Documentary film about Oliver Dragojevic with unseen footage to air on HRT on anniversary of his death
A documentary about the life of the late Croatian music great Oliver Dragojevic will air on HRT (Croatian radiotelevision) on the second anniversary of his passing.
“A Porina dobiva – Oliver Dragojevic” will air on HRT1 on 29 July at 8:05 p.m. The 70-minute documentary film, directed by Toni Volaric, will feature unseen footage from Oliver’s life.
“In the film, there are a lot of Oliver’s hits, I wanted the film to evoke emotions and for the audience to sing along, so when it’s over it will feel like came out of his concert,” Volarić told Slobodna Dalmacija.
The director says Oliver was a very approachable man and he hopes that he was able to portray him as such in the film.
“He did not like interviews, he considered them a necessary evil. He really liked to play and sing the most, many forget how many instruments he played. His favourite thing was to sit at the piano or pick up an accordion or clarinet, he could play and sing with people all night.”

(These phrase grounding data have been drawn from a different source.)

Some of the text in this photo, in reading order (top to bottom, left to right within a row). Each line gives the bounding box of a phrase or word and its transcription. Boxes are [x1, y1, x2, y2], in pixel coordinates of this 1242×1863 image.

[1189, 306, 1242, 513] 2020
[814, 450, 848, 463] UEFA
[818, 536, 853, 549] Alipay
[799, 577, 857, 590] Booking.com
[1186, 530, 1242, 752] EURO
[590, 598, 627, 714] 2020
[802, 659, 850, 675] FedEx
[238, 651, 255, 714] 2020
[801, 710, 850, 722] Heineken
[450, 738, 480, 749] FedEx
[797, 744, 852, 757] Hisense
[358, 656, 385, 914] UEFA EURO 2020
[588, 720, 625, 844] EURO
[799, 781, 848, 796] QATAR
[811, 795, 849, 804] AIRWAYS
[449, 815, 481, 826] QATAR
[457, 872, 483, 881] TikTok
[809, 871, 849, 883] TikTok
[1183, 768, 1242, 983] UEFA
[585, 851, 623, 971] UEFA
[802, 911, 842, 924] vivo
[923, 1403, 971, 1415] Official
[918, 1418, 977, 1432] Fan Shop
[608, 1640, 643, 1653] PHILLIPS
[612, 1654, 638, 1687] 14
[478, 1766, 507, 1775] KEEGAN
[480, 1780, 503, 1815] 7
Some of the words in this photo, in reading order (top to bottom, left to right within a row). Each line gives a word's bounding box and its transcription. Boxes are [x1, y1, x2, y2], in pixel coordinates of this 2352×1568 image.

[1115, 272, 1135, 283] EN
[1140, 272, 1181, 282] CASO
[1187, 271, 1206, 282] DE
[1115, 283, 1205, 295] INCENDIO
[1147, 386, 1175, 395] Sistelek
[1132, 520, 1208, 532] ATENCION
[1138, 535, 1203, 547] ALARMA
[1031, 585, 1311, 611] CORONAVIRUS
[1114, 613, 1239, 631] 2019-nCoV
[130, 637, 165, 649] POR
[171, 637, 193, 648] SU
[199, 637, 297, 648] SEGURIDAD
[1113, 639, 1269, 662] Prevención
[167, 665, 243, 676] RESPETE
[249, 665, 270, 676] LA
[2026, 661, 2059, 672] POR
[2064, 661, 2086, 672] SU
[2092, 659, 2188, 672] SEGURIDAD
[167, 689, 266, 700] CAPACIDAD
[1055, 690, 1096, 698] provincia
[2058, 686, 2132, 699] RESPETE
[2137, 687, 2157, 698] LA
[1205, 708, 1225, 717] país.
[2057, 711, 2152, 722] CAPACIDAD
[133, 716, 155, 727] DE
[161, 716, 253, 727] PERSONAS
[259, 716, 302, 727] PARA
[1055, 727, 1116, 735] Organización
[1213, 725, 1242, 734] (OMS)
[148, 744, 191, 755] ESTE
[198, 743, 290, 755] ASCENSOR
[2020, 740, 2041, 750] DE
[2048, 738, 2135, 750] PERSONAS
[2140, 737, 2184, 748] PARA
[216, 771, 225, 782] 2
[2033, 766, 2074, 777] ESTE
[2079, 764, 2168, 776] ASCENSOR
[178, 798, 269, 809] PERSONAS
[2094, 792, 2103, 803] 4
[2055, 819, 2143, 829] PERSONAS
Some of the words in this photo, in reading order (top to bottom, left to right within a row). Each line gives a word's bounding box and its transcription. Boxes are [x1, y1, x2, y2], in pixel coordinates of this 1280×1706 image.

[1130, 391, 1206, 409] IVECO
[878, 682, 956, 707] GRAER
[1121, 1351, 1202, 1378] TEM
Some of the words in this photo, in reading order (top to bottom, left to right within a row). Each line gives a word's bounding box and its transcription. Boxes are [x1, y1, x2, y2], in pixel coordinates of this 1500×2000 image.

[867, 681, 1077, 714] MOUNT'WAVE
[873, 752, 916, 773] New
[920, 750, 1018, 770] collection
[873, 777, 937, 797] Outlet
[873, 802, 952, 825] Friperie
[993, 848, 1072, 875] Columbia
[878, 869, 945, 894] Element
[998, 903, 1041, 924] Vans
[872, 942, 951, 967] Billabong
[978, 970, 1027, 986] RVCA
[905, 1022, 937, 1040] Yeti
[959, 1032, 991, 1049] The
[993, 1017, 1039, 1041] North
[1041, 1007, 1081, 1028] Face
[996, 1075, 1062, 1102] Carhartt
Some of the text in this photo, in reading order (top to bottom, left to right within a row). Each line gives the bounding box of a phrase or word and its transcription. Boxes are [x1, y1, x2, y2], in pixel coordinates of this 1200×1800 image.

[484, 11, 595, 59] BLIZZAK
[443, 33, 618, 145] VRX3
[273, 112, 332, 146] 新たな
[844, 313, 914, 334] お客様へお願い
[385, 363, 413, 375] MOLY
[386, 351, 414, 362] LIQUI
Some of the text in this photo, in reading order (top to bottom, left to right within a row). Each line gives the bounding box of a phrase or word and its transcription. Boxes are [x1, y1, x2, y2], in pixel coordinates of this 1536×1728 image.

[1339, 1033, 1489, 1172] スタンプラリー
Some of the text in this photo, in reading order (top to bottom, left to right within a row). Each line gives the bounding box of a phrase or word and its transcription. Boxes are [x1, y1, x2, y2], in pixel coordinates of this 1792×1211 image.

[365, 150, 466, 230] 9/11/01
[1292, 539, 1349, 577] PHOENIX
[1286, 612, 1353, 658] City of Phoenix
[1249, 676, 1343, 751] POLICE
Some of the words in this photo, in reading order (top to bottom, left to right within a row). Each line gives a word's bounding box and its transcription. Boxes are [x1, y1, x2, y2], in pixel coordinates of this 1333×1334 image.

Along with Oliver’s wife, Vesna, speaking about him in the film include his friends Brico, Bata, Vinko Barčot, Zlatan Stipišić Gibonni, Zorica Kondža, Tedi Spalato, Tomislav Mrduljaš, Ante Gelo and others.
The film also brings stories about the origin of many songs that marked Oliver’s long singing career, of which many were declared the most popular and most adored in the history of Croatian popular music.
Oliver lost his one-year battle with lung cancer and passed away in hospital in Split at 5 am on Sunday, 29 July 2018.
His solo career really began in 1974 at the Split Festival, where he won with the song “Ča će mi Copacabana”. A year later, composer Zdenko Runjić and Dragojević, released the song “Galeb i Ja” which became a huge hit and made him a household name.
He followed it up with a number of other huge hits over the years such as “Cesarica”, “Oprosti Mi, Pape”, “Skalinada”, “Zuto Lisce Ljubavi”, “Nadalina”, and”Piva klapa ispod volta”. His iconic songs are still enjoyed decades later.
Oliver, who left behind wife Vesna and sons Dino, Damir and Davor, was farewelled publicly over two days in Croatia. On 31 July in Split, Oliver was given a huge send-off. The Croatian government declared for the first time in the nation’s history that the day would be a National Day of Condolence and flags all around the country flew at half-mast.